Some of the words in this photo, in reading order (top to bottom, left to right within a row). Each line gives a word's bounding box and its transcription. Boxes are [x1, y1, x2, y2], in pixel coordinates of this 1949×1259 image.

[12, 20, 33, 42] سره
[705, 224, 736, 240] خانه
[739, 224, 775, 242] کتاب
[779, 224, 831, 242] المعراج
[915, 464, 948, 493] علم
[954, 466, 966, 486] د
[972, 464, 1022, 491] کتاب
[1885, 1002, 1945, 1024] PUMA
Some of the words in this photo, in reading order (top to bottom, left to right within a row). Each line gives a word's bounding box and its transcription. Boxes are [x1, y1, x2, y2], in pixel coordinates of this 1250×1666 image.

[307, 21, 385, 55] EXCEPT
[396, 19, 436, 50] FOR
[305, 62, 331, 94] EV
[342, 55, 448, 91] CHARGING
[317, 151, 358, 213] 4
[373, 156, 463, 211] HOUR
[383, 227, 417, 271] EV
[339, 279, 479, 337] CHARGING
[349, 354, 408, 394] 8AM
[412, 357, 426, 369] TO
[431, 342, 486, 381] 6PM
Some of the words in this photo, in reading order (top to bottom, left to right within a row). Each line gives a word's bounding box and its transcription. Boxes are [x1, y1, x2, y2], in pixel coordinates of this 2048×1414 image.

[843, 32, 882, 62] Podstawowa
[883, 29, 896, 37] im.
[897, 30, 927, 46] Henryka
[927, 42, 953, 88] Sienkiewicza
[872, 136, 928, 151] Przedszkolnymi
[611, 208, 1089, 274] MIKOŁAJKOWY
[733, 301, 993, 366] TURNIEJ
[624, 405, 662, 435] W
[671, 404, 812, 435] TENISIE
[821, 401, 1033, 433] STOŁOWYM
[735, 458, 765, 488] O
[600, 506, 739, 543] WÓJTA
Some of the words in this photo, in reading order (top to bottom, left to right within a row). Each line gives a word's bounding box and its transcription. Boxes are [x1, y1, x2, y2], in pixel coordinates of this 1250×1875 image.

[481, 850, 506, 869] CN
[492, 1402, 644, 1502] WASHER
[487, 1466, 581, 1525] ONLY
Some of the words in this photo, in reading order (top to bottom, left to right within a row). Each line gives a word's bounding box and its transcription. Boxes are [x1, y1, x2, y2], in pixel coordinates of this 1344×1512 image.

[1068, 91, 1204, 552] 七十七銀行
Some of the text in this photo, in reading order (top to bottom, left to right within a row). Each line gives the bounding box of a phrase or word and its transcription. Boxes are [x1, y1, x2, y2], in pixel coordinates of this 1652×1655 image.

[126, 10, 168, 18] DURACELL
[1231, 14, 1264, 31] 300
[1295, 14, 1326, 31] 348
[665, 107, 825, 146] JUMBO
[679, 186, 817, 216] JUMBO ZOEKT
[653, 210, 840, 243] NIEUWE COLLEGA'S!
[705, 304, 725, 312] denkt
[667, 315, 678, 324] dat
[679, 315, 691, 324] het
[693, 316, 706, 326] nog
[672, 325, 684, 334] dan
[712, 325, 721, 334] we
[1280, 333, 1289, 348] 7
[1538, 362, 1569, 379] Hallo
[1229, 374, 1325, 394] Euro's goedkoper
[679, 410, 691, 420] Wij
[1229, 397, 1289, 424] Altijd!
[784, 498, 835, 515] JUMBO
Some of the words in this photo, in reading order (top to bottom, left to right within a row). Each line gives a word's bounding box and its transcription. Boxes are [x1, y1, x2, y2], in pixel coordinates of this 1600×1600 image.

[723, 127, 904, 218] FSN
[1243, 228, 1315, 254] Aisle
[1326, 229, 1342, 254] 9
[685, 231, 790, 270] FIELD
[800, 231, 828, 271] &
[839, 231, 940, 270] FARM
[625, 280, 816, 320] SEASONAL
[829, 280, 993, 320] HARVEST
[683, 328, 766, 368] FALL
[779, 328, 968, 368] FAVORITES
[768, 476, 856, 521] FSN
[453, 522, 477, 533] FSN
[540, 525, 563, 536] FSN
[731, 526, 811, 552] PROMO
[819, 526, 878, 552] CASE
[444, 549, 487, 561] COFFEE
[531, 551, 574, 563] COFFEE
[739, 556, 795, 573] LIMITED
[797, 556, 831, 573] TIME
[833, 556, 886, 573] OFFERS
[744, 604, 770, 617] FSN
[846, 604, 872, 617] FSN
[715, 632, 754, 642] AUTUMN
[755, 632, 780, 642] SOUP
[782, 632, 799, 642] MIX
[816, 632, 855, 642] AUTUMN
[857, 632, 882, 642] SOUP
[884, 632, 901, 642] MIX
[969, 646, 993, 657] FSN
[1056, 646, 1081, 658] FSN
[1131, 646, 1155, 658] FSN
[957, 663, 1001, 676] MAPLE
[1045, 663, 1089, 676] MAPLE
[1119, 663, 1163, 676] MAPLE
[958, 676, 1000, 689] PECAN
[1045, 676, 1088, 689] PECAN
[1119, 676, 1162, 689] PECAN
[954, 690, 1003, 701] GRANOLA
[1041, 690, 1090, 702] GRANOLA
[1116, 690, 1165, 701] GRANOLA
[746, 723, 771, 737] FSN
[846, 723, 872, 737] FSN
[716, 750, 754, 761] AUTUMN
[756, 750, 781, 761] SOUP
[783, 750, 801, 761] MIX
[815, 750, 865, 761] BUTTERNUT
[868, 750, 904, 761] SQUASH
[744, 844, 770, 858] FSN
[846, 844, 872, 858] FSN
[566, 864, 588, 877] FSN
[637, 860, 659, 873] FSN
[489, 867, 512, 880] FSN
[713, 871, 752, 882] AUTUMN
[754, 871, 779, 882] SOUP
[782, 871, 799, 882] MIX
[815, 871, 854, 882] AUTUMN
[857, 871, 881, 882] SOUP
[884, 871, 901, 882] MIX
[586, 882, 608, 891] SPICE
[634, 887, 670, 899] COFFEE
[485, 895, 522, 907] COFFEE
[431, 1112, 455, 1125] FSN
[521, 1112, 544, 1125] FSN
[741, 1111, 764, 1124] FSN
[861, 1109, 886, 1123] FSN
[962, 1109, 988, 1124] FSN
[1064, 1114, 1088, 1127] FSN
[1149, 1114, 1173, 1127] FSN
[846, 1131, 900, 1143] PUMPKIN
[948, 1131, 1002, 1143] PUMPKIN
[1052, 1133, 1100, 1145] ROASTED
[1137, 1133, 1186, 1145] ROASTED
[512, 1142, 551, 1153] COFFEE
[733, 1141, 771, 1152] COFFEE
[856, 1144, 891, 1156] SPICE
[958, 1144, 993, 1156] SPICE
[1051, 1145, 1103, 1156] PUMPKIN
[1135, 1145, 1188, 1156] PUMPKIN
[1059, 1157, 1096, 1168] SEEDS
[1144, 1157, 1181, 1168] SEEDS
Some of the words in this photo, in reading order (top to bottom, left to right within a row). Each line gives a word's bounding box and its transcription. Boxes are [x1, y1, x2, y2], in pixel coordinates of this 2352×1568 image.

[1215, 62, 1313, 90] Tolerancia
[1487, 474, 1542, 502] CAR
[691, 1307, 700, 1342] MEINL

### Your task
With no line skipped, copy the entries exactly as written.

### Answer space
Some of the words in this photo, in reading order (top to bottom, left to right within a row). Each line gives a word's bounding box and its transcription. Boxes are [x1, y1, x2, y2], in pixel coordinates of this 1949×1259 image.

[12, 20, 33, 42] سره
[705, 224, 736, 240] خانه
[739, 224, 775, 242] کتاب
[779, 224, 831, 242] المعراج
[915, 464, 948, 493] علم
[954, 466, 966, 486] د
[972, 464, 1022, 491] کتاب
[1885, 1002, 1945, 1024] PUMA
Some of the words in this photo, in reading order (top to bottom, left to right within a row). Each line gives a word's bounding box and its transcription. Boxes are [x1, y1, x2, y2], in pixel coordinates of this 1250×1666 image.

[307, 21, 385, 55] EXCEPT
[396, 19, 436, 50] FOR
[305, 62, 331, 94] EV
[342, 55, 448, 91] CHARGING
[317, 151, 358, 213] 4
[373, 156, 463, 211] HOUR
[383, 227, 417, 271] EV
[339, 279, 479, 337] CHARGING
[349, 354, 408, 394] 8AM
[412, 357, 426, 369] TO
[431, 342, 486, 381] 6PM
Some of the words in this photo, in reading order (top to bottom, left to right within a row). Each line gives a word's bounding box and its transcription. Boxes are [x1, y1, x2, y2], in pixel coordinates of this 2048×1414 image.

[843, 32, 882, 62] Podstawowa
[883, 29, 896, 37] im.
[897, 30, 927, 46] Henryka
[927, 42, 953, 88] Sienkiewicza
[872, 136, 928, 151] Przedszkolnymi
[611, 208, 1089, 274] MIKOŁAJKOWY
[733, 301, 993, 366] TURNIEJ
[624, 405, 662, 435] W
[671, 404, 812, 435] TENISIE
[821, 401, 1033, 433] STOŁOWYM
[735, 458, 765, 488] O
[600, 506, 739, 543] WÓJTA
Some of the words in this photo, in reading order (top to bottom, left to right within a row). Each line gives a word's bounding box and its transcription. Boxes are [x1, y1, x2, y2], in pixel coordinates of this 1250×1875 image.

[481, 850, 506, 869] CN
[492, 1402, 644, 1502] WASHER
[487, 1466, 581, 1525] ONLY
Some of the words in this photo, in reading order (top to bottom, left to right within a row). Each line gives a word's bounding box and its transcription. Boxes are [x1, y1, x2, y2], in pixel coordinates of this 1344×1512 image.

[1068, 91, 1204, 552] 七十七銀行
Some of the text in this photo, in reading order (top to bottom, left to right within a row). Each line gives the bounding box of a phrase or word and its transcription. Boxes are [x1, y1, x2, y2], in pixel coordinates of this 1652×1655 image.

[126, 10, 168, 18] DURACELL
[1231, 14, 1264, 31] 300
[1295, 14, 1326, 31] 348
[665, 107, 825, 146] JUMBO
[679, 186, 817, 216] JUMBO ZOEKT
[653, 210, 840, 243] NIEUWE COLLEGA'S!
[705, 304, 725, 312] denkt
[667, 315, 678, 324] dat
[679, 315, 691, 324] het
[693, 316, 706, 326] nog
[672, 325, 684, 334] dan
[712, 325, 721, 334] we
[1280, 333, 1289, 348] 7
[1538, 362, 1569, 379] Hallo
[1229, 374, 1325, 394] Euro's goedkoper
[679, 410, 691, 420] Wij
[1229, 397, 1289, 424] Altijd!
[784, 498, 835, 515] JUMBO
Some of the words in this photo, in reading order (top to bottom, left to right within a row). Each line gives a word's bounding box and its transcription. Boxes are [x1, y1, x2, y2], in pixel coordinates of this 1600×1600 image.

[723, 127, 904, 218] FSN
[1243, 228, 1315, 254] Aisle
[1326, 229, 1342, 254] 9
[685, 231, 790, 270] FIELD
[800, 231, 828, 271] &
[839, 231, 940, 270] FARM
[625, 280, 816, 320] SEASONAL
[829, 280, 993, 320] HARVEST
[683, 328, 766, 368] FALL
[779, 328, 968, 368] FAVORITES
[768, 476, 856, 521] FSN
[453, 522, 477, 533] FSN
[540, 525, 563, 536] FSN
[731, 526, 811, 552] PROMO
[819, 526, 878, 552] CASE
[444, 549, 487, 561] COFFEE
[531, 551, 574, 563] COFFEE
[739, 556, 795, 573] LIMITED
[797, 556, 831, 573] TIME
[833, 556, 886, 573] OFFERS
[744, 604, 770, 617] FSN
[846, 604, 872, 617] FSN
[715, 632, 754, 642] AUTUMN
[755, 632, 780, 642] SOUP
[782, 632, 799, 642] MIX
[816, 632, 855, 642] AUTUMN
[857, 632, 882, 642] SOUP
[884, 632, 901, 642] MIX
[969, 646, 993, 657] FSN
[1056, 646, 1081, 658] FSN
[1131, 646, 1155, 658] FSN
[957, 663, 1001, 676] MAPLE
[1045, 663, 1089, 676] MAPLE
[1119, 663, 1163, 676] MAPLE
[958, 676, 1000, 689] PECAN
[1045, 676, 1088, 689] PECAN
[1119, 676, 1162, 689] PECAN
[954, 690, 1003, 701] GRANOLA
[1041, 690, 1090, 702] GRANOLA
[1116, 690, 1165, 701] GRANOLA
[746, 723, 771, 737] FSN
[846, 723, 872, 737] FSN
[716, 750, 754, 761] AUTUMN
[756, 750, 781, 761] SOUP
[783, 750, 801, 761] MIX
[815, 750, 865, 761] BUTTERNUT
[868, 750, 904, 761] SQUASH
[744, 844, 770, 858] FSN
[846, 844, 872, 858] FSN
[566, 864, 588, 877] FSN
[637, 860, 659, 873] FSN
[489, 867, 512, 880] FSN
[713, 871, 752, 882] AUTUMN
[754, 871, 779, 882] SOUP
[782, 871, 799, 882] MIX
[815, 871, 854, 882] AUTUMN
[857, 871, 881, 882] SOUP
[884, 871, 901, 882] MIX
[586, 882, 608, 891] SPICE
[634, 887, 670, 899] COFFEE
[485, 895, 522, 907] COFFEE
[431, 1112, 455, 1125] FSN
[521, 1112, 544, 1125] FSN
[741, 1111, 764, 1124] FSN
[861, 1109, 886, 1123] FSN
[962, 1109, 988, 1124] FSN
[1064, 1114, 1088, 1127] FSN
[1149, 1114, 1173, 1127] FSN
[846, 1131, 900, 1143] PUMPKIN
[948, 1131, 1002, 1143] PUMPKIN
[1052, 1133, 1100, 1145] ROASTED
[1137, 1133, 1186, 1145] ROASTED
[512, 1142, 551, 1153] COFFEE
[733, 1141, 771, 1152] COFFEE
[856, 1144, 891, 1156] SPICE
[958, 1144, 993, 1156] SPICE
[1051, 1145, 1103, 1156] PUMPKIN
[1135, 1145, 1188, 1156] PUMPKIN
[1059, 1157, 1096, 1168] SEEDS
[1144, 1157, 1181, 1168] SEEDS
Some of the words in this photo, in reading order (top to bottom, left to right within a row). Each line gives a word's bounding box and its transcription. Boxes are [x1, y1, x2, y2], in pixel coordinates of this 2352×1568 image.

[1215, 62, 1313, 90] Tolerancia
[1487, 474, 1542, 502] CAR
[691, 1307, 700, 1342] MEINL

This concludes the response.